Thomas S. wählt die klassische Methode für seinen Ausbruch: Mit einem Besenstiel, einem Tischbein und Tafelbesteck schlägt der Sexualstraftäter ein kleines Loch in die Wand seiner Zelle im dritten Stock der Hamburger Untersuchungshaftanstalt. Den Krach bemerkt niemand – denn gleichzeitig dröhnt über dem benachbarten Vergnügungsmarkt Hamburger Dom ein Feuerwerk. Der schmächtige Mann zwängt sich durch das nur kopfgrosse Loch und seilt sich mit einem Bettlaken an der Aussenwand ab. Den Alarm, den Thomas S. auslöst, hält das Wachpersonal für einen Fehlalarm, auf ihren Monitoren können sie nichts Auffälliges entdecken. Obwohl sich Thomas S. bei der Flucht offenbar verletzt hat und die Polizei die Blutspur hunderte Meter verfolgen kann, fehlt zunächst jede Spur von dem Flüchtigen. Erst vier Tage nach dem Ausbruch stellt ihn das Mobile Einsatzkommando im Hamburger Randbezirk Bergedorf.
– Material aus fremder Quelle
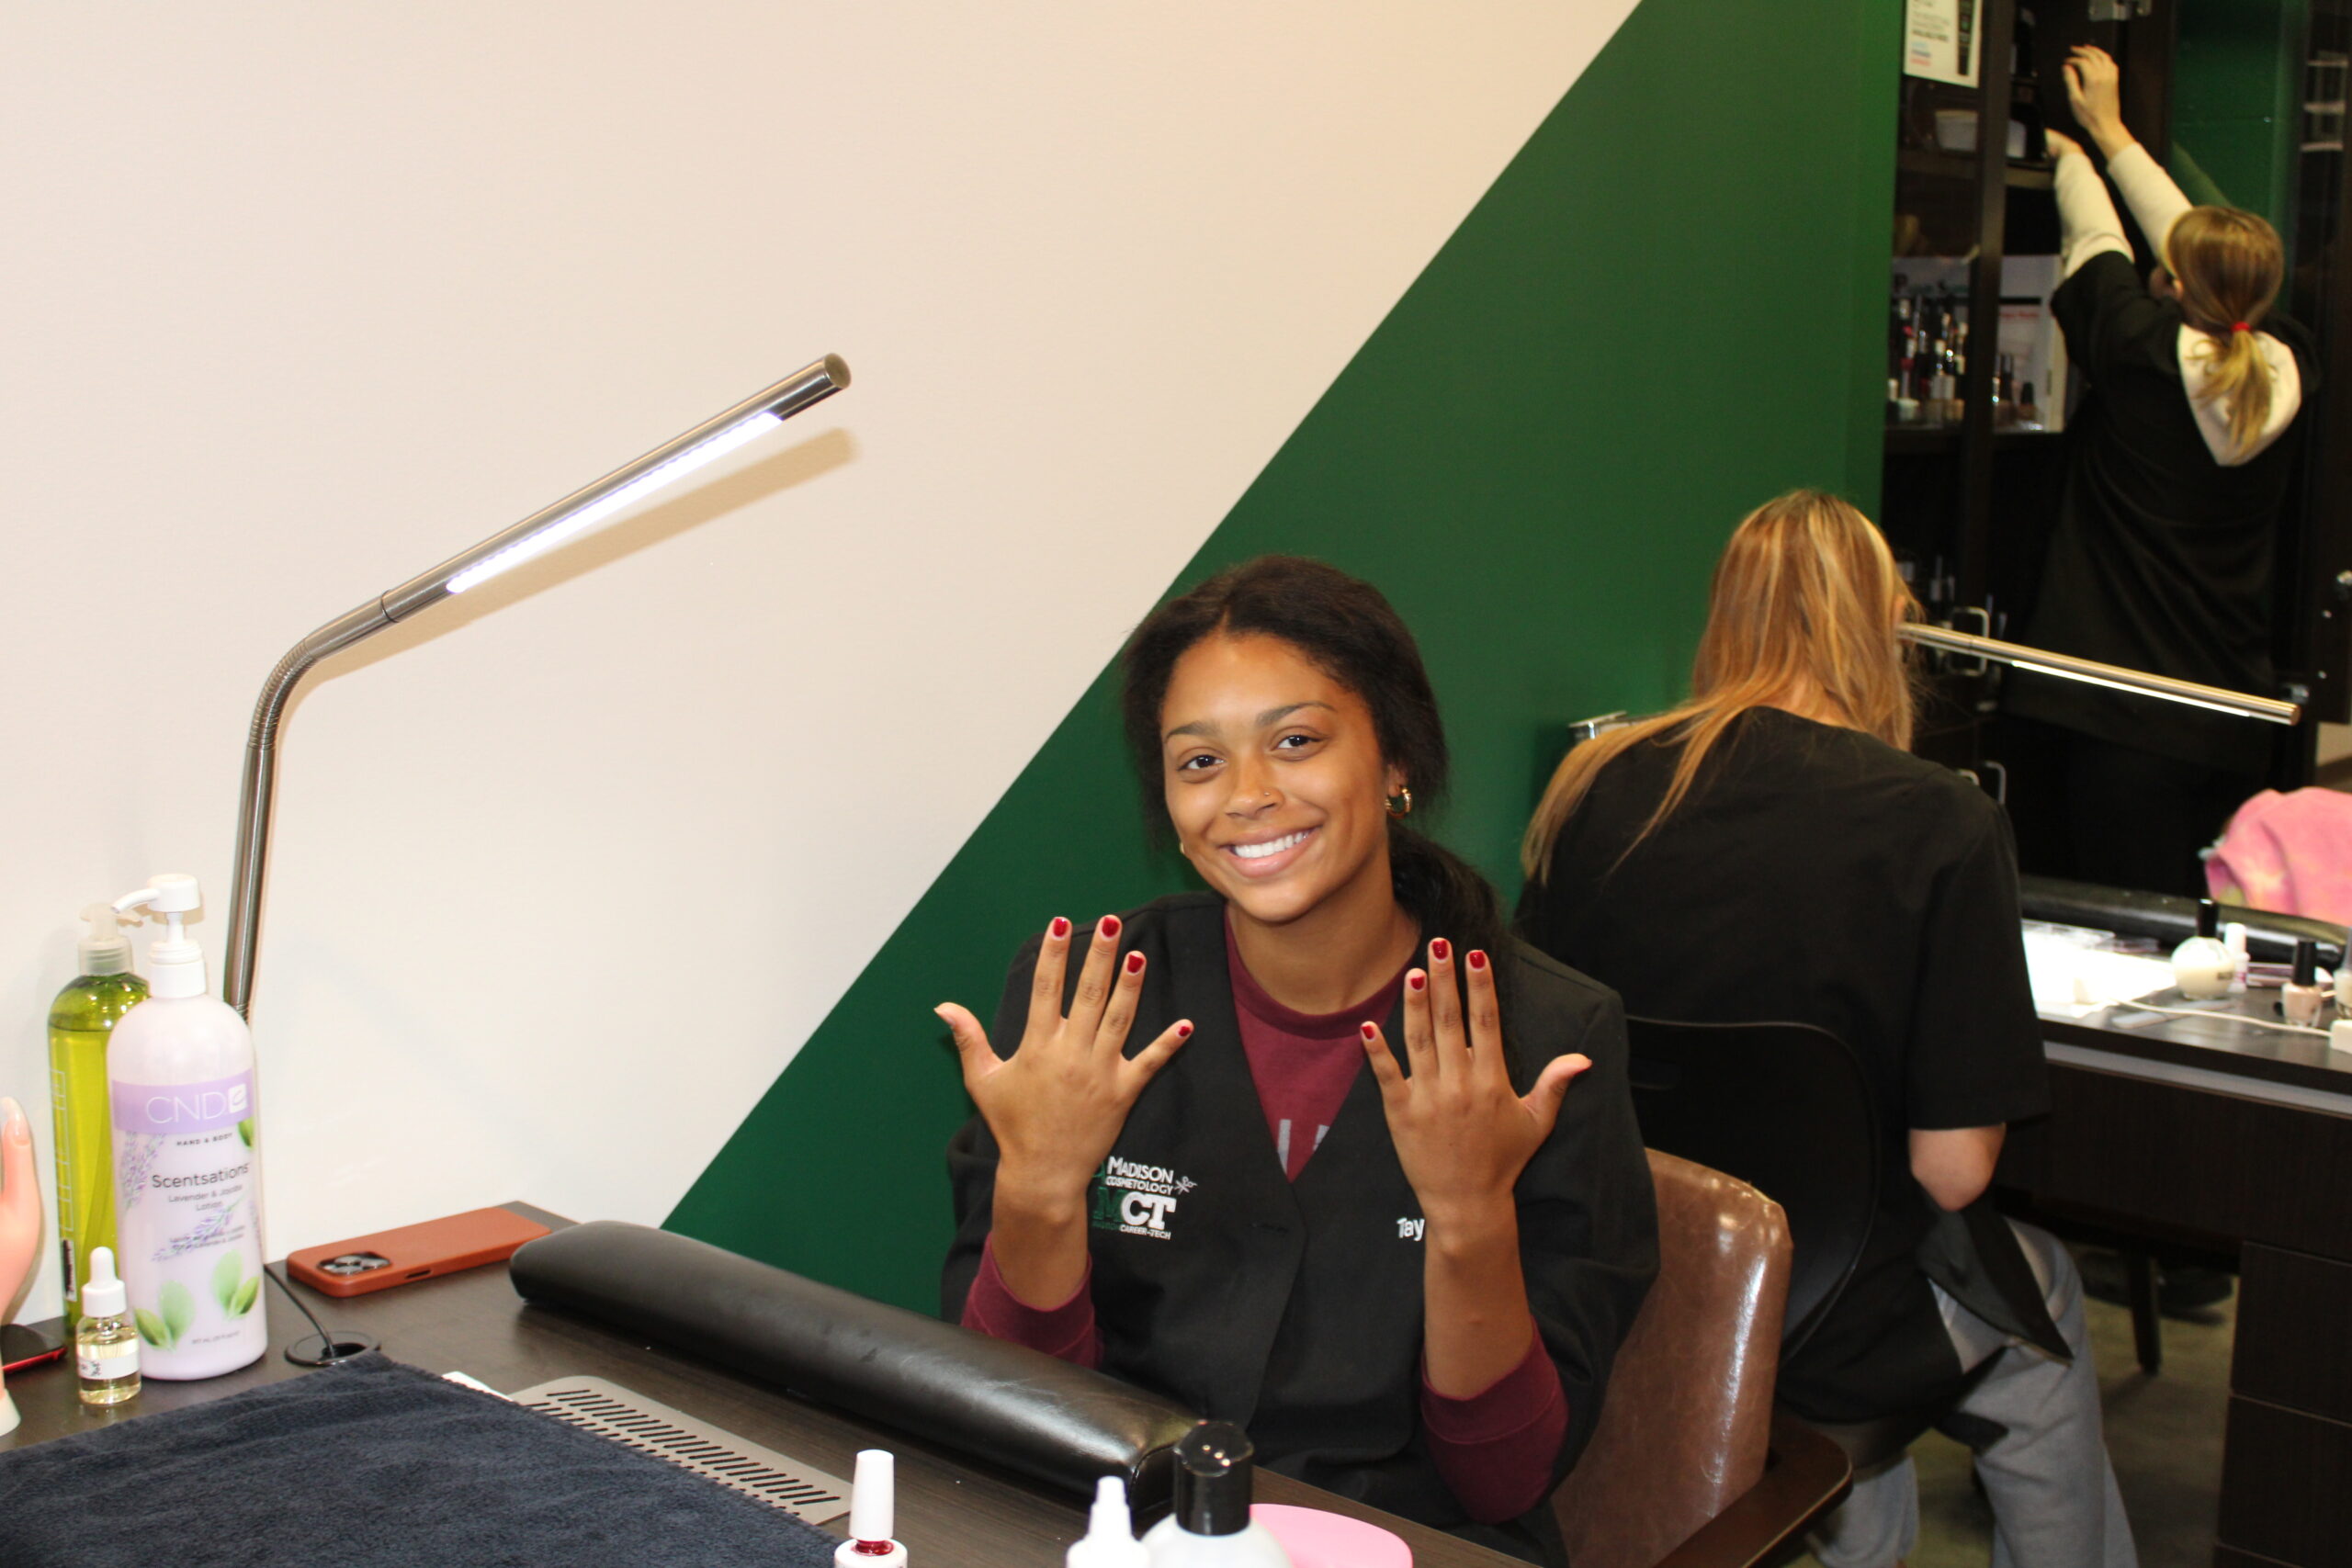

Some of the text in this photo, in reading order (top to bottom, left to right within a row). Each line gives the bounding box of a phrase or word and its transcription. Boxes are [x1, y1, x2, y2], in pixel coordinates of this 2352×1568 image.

[146, 1091, 227, 1124] CND
[152, 1165, 249, 1188] Scentsations
[1106, 1156, 1174, 1184] MADISON
[1105, 1176, 1174, 1195] COSMETOLOGY
[1120, 1224, 1171, 1240] CAREER-TECH
[1396, 1217, 1425, 1241] Tay
2014 – Mit freundlichen Grüssen

Zwei Schwerverbrecher zersägen die Gitterstäbe, klettern über einen vier Meter hohen Zaun und unter Stacheldraht hindurch – so weit ist der Ausbruch von Metin M. und Ulrich Z. noch relativ unspektakulär. Doch als die Polizei die Zelle der Flüchtigen durchsucht, stösst sie auf eindeutige Hinweise auf Fluchtziele. "Wir überprüfen das, können aber nicht ausschliessen, dass die beiden uns an der Nase herumführen", sagte ein Ermittler. Wahrscheinlich eher Letzteres – denn die Beamten fanden auch einen Zettel von Ulrich Z., die nette Botschaft: "Muss noch was erledigen, komme in drei Wochen wieder."
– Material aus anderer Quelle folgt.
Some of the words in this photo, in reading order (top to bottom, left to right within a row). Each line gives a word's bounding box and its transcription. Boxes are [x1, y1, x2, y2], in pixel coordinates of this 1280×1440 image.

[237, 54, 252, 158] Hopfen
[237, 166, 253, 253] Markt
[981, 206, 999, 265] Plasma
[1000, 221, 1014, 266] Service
Die Vorhersage erfüllte sich nicht ganz. Nach rund zweieinhalb Wochen nahm ihn die Polizei fest. Ulrich Z. hatte in einem Charlottenburger Hotel eingecheckt, gab sich als Tourist aus, trug einen rot gefärbten Bart und sprach extra gebrochenes Englisch. Doch die Mitarbeiter erkannten den Mann, der per Steckbrief gesucht wurde, und alarmierten die Polizei. Sein Komplize Metin M. hielt fast zwei Monate länger durch, obwohl auch er in Berlin blieb – er wurde schliesslich in Reinickendorf festgenommen.
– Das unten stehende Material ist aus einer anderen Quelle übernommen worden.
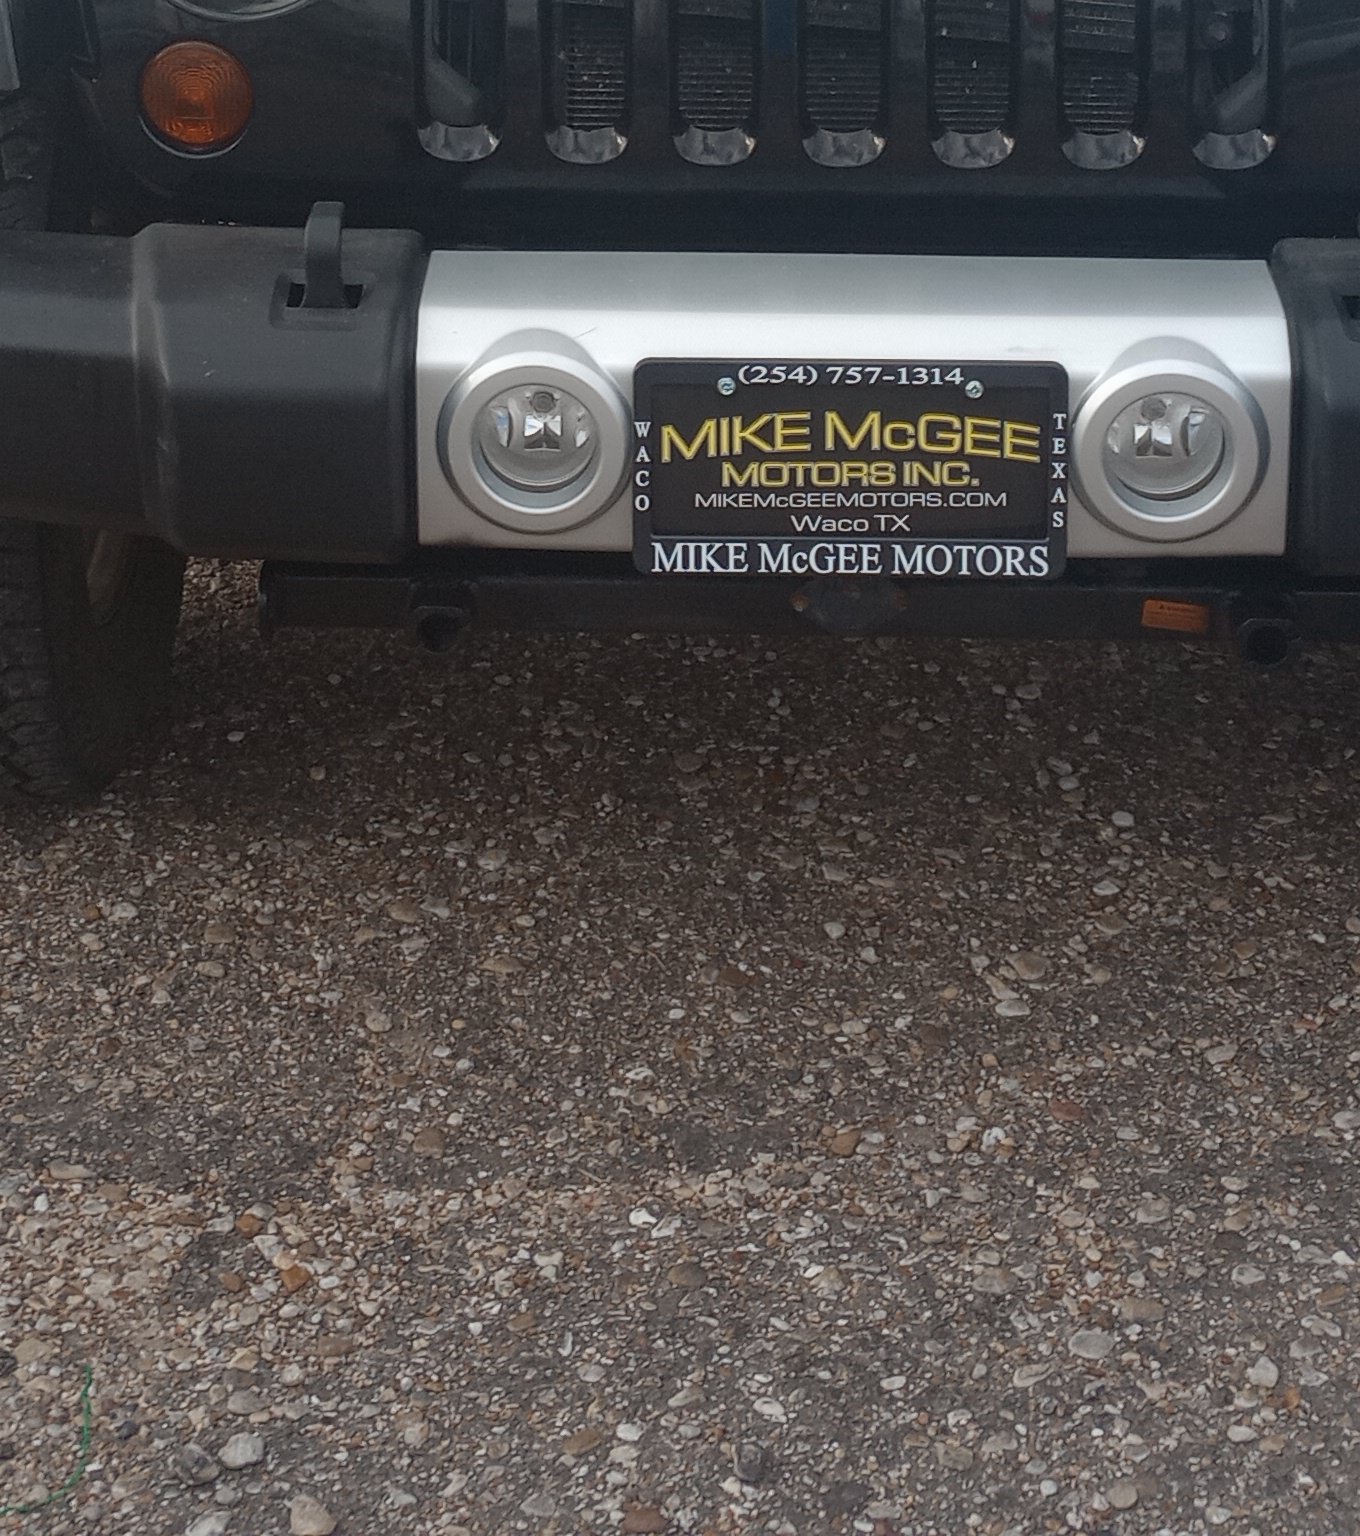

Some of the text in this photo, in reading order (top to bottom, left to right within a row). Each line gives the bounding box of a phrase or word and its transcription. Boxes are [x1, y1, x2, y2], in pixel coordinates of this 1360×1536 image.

[737, 365, 964, 385] (254) 757-1314
[660, 410, 1041, 463] MIKE McGEE
[634, 421, 651, 511] WACO
[721, 461, 981, 488] MOTORS INC.
[1051, 413, 1067, 528] TEXAS
[694, 492, 1008, 508] MIKEMcGEEMOTORS.COM
[790, 514, 912, 532] Waco TX
[650, 542, 1050, 577] MIKE McGEE MOTORS
Übrigens: Strafrechtlich belangt werden die Insassen für einen Gefängnisausbruch grundsätzlich nicht. Der Gesetzgeber erkennt den Drang nach Freiheit als Ausdruck der Persönlichkeit an. Allerdings begehen die Insassen und ihre Helfer im Zuge des Ausbruchs meist Straftaten wie Sachbeschädigung, Bestechung und Körperverletzung, für die sie natürlich belangt werden. Und auf eine frühzeitige Entlassung wegen guter Führung dürfen Flüchtige dann auch eher nicht hoffen.